# Task instructions:
An exact transcription of the entries is required, with no images included.

# Data for analysis:
[Start of section]

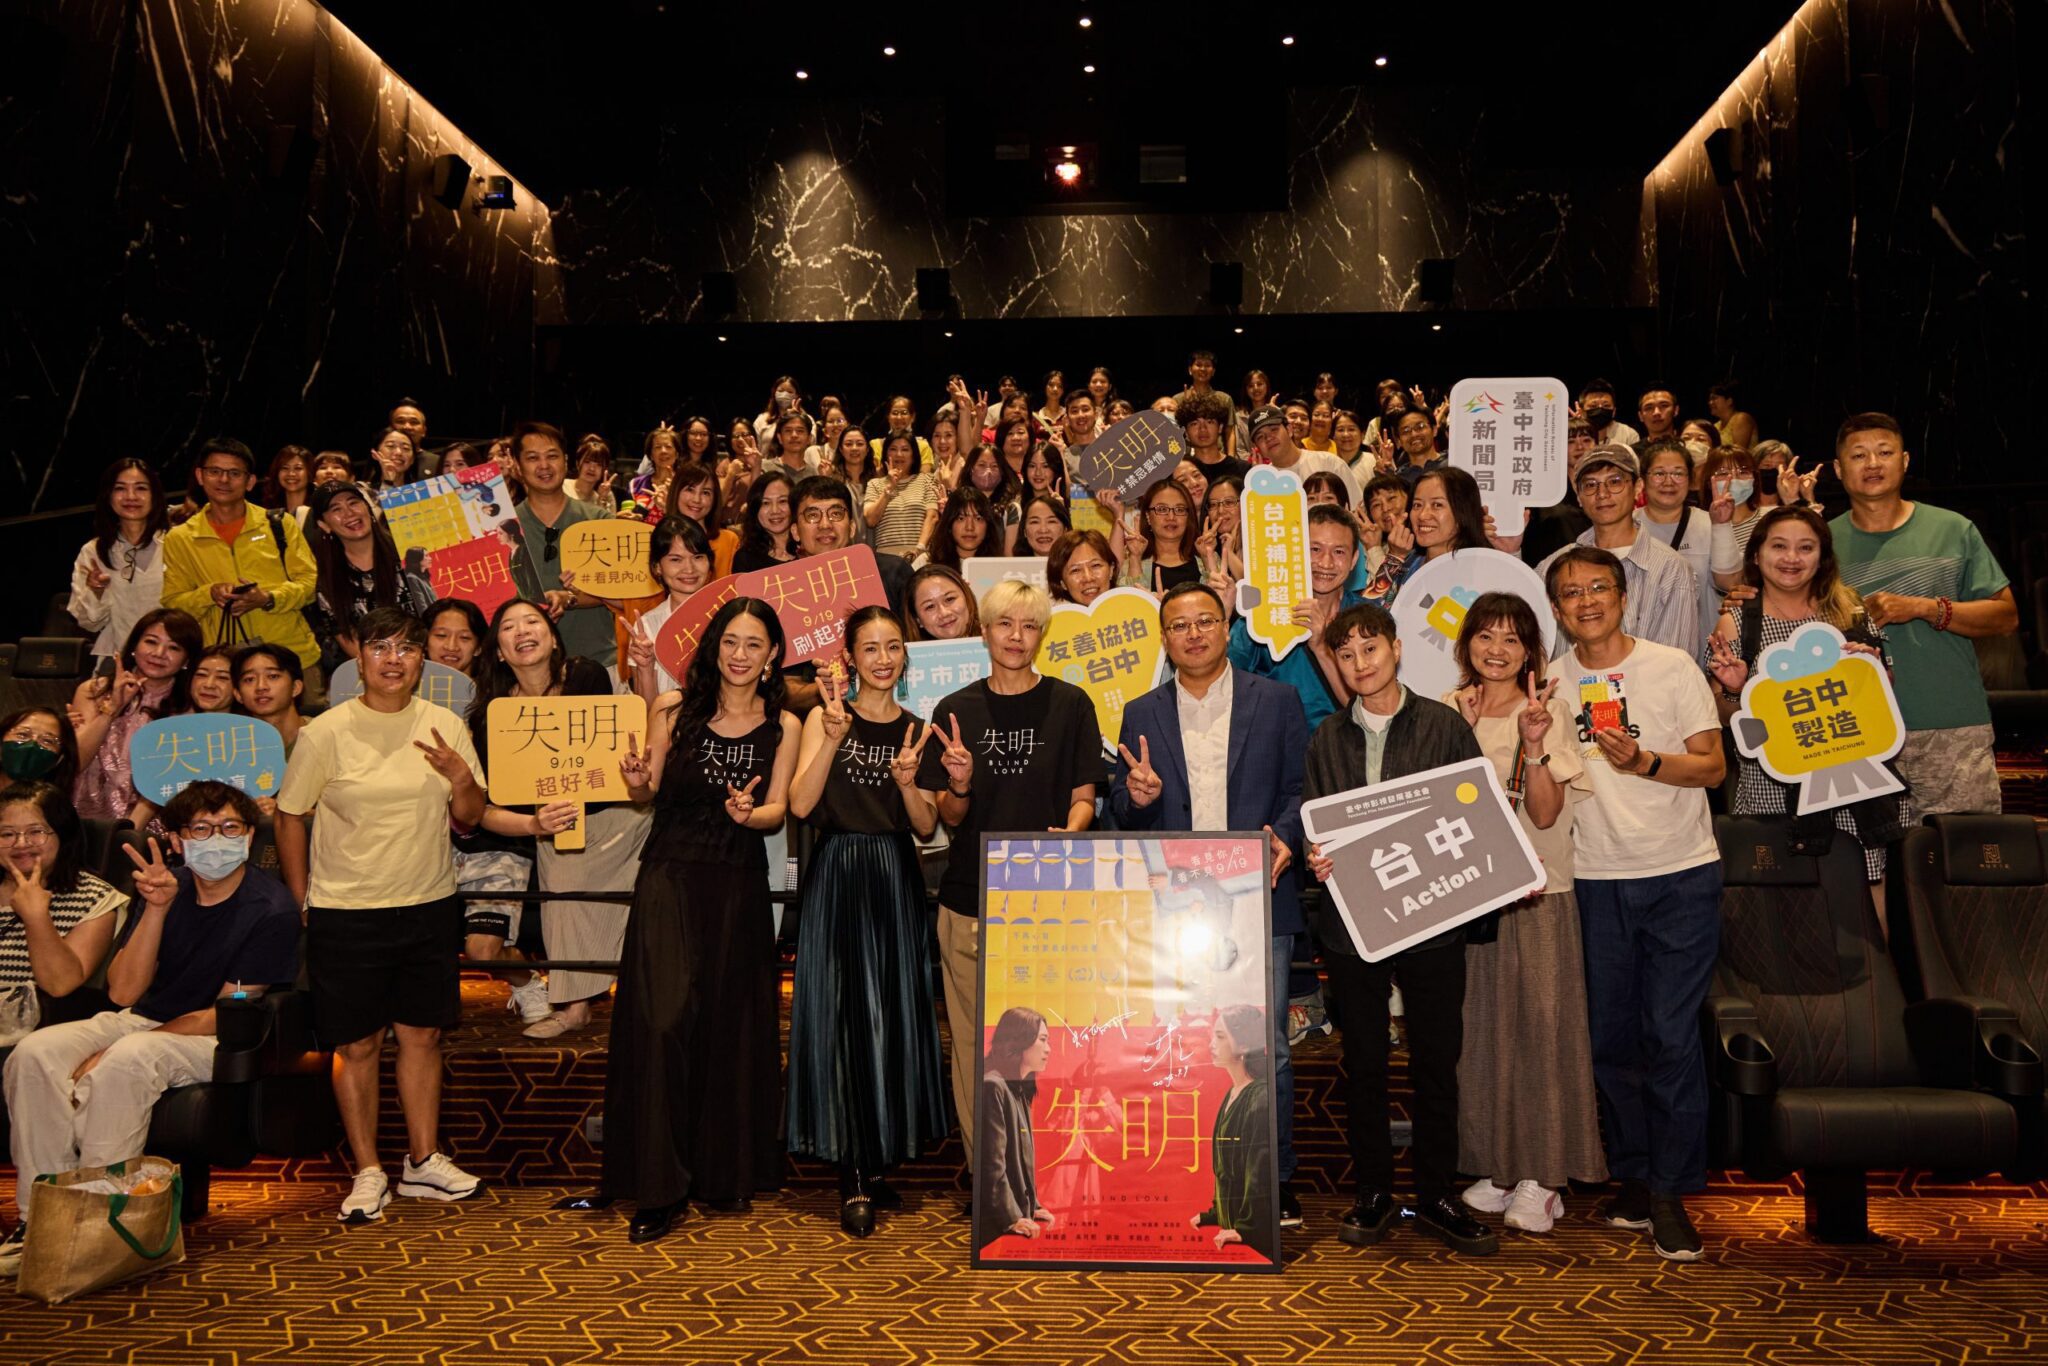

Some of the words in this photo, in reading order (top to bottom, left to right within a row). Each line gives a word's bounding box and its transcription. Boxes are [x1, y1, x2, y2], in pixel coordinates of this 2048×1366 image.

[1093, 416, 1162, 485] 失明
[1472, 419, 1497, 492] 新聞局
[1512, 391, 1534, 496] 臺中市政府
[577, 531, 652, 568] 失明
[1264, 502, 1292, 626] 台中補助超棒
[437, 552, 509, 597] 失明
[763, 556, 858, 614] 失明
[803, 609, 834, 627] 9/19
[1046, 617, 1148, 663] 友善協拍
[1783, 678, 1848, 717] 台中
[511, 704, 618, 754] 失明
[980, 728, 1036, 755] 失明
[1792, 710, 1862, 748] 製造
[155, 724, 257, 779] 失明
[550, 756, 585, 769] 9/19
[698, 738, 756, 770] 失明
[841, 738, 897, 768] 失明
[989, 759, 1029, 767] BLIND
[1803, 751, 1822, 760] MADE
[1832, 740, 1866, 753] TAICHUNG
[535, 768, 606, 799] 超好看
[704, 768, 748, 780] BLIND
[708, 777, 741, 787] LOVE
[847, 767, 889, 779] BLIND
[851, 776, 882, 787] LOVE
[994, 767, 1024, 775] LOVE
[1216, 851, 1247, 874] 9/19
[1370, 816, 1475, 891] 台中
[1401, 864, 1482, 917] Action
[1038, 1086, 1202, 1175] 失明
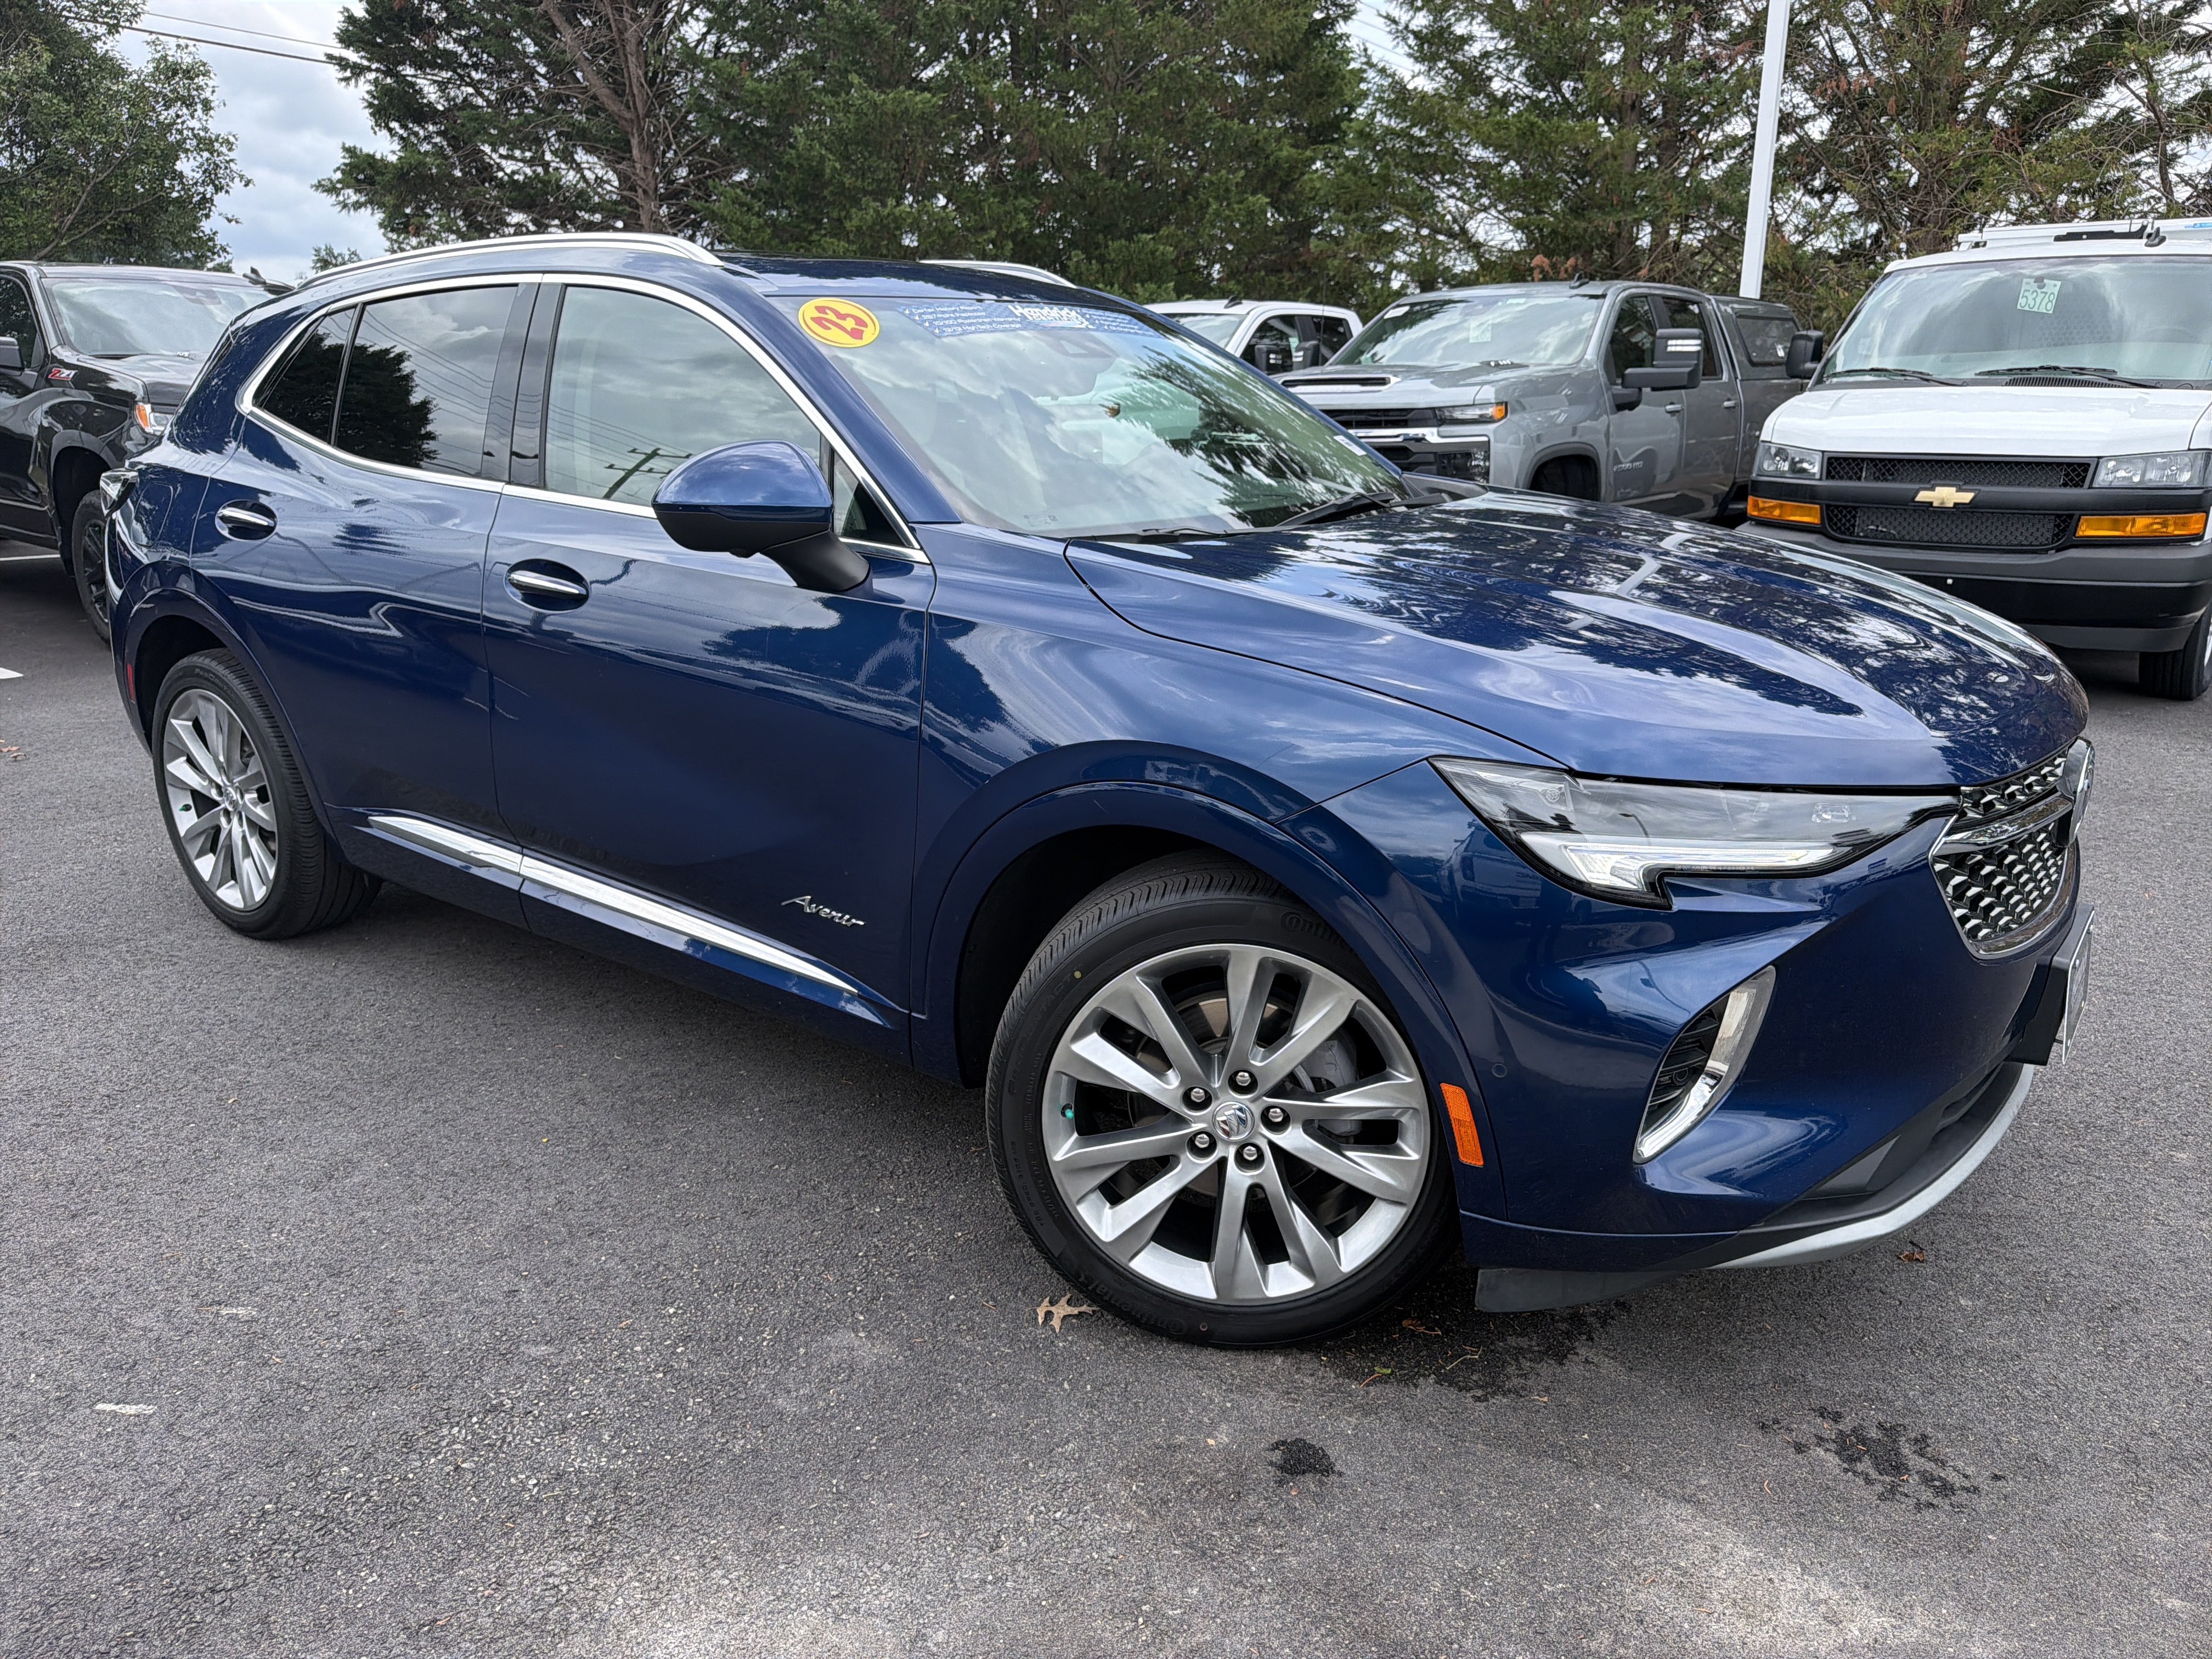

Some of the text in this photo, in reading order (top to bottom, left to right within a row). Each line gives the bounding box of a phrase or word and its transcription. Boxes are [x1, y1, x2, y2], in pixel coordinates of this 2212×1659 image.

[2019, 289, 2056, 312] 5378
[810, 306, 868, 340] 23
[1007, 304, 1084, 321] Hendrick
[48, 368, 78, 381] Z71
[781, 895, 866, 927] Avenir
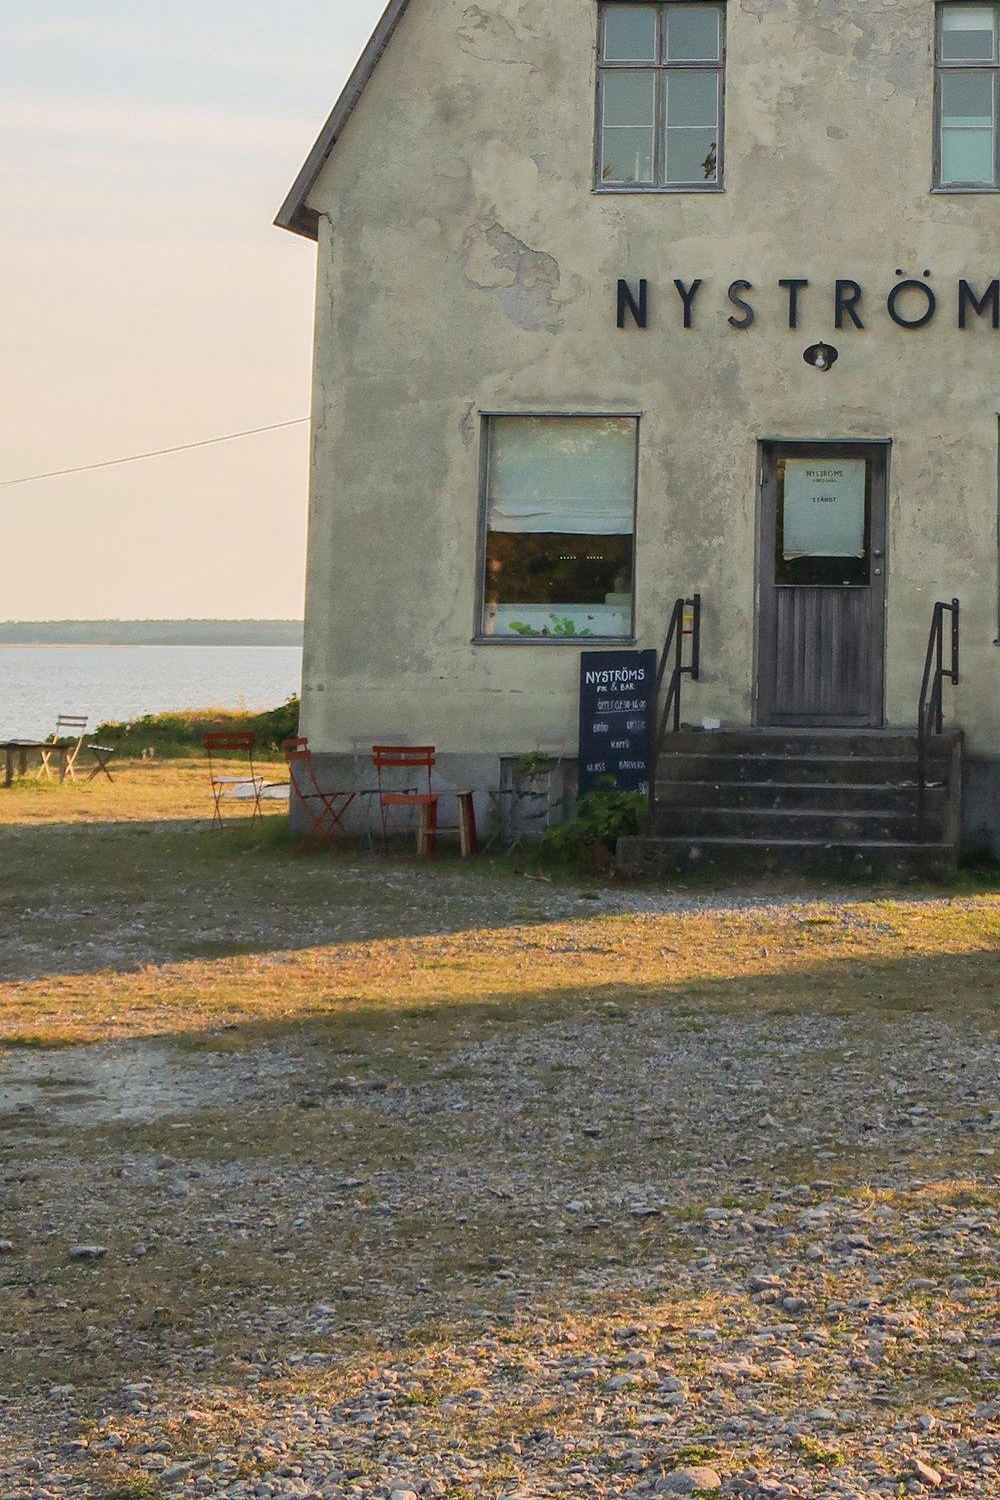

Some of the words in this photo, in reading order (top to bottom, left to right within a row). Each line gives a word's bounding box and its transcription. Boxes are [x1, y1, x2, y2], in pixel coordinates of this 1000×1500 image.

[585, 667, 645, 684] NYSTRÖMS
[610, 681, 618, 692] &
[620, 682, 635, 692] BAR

[End of section]

# Finished task:
Some of the words in this photo, in reading order (top to bottom, left to right within a row). Each line gives a word's bounding box and its transcription. Boxes are [x1, y1, x2, y2], in pixel coordinates of this 2048×1366 image.

[1093, 416, 1162, 485] 失明
[1472, 419, 1497, 492] 新聞局
[1512, 391, 1534, 496] 臺中市政府
[577, 531, 652, 568] 失明
[1264, 502, 1292, 626] 台中補助超棒
[437, 552, 509, 597] 失明
[763, 556, 858, 614] 失明
[803, 609, 834, 627] 9/19
[1046, 617, 1148, 663] 友善協拍
[1783, 678, 1848, 717] 台中
[511, 704, 618, 754] 失明
[980, 728, 1036, 755] 失明
[1792, 710, 1862, 748] 製造
[155, 724, 257, 779] 失明
[550, 756, 585, 769] 9/19
[698, 738, 756, 770] 失明
[841, 738, 897, 768] 失明
[989, 759, 1029, 767] BLIND
[1803, 751, 1822, 760] MADE
[1832, 740, 1866, 753] TAICHUNG
[535, 768, 606, 799] 超好看
[704, 768, 748, 780] BLIND
[708, 777, 741, 787] LOVE
[847, 767, 889, 779] BLIND
[851, 776, 882, 787] LOVE
[994, 767, 1024, 775] LOVE
[1216, 851, 1247, 874] 9/19
[1370, 816, 1475, 891] 台中
[1401, 864, 1482, 917] Action
[1038, 1086, 1202, 1175] 失明

Some of the text in this photo, in reading order (top to bottom, left to right within a row). Each line gives the bounding box of a phrase or word and its transcription. Boxes are [x1, y1, x2, y2], in pixel coordinates of this 2212×1659 image.

[2019, 289, 2056, 312] 5378
[810, 306, 868, 340] 23
[1007, 304, 1084, 321] Hendrick
[48, 368, 78, 381] Z71
[781, 895, 866, 927] Avenir

Some of the words in this photo, in reading order (top to bottom, left to right within a row). Each line gives a word's bounding box and its transcription. Boxes are [x1, y1, x2, y2], in pixel coordinates of this 1000×1500 image.

[585, 667, 645, 684] NYSTRÖMS
[610, 681, 618, 692] &
[620, 682, 635, 692] BAR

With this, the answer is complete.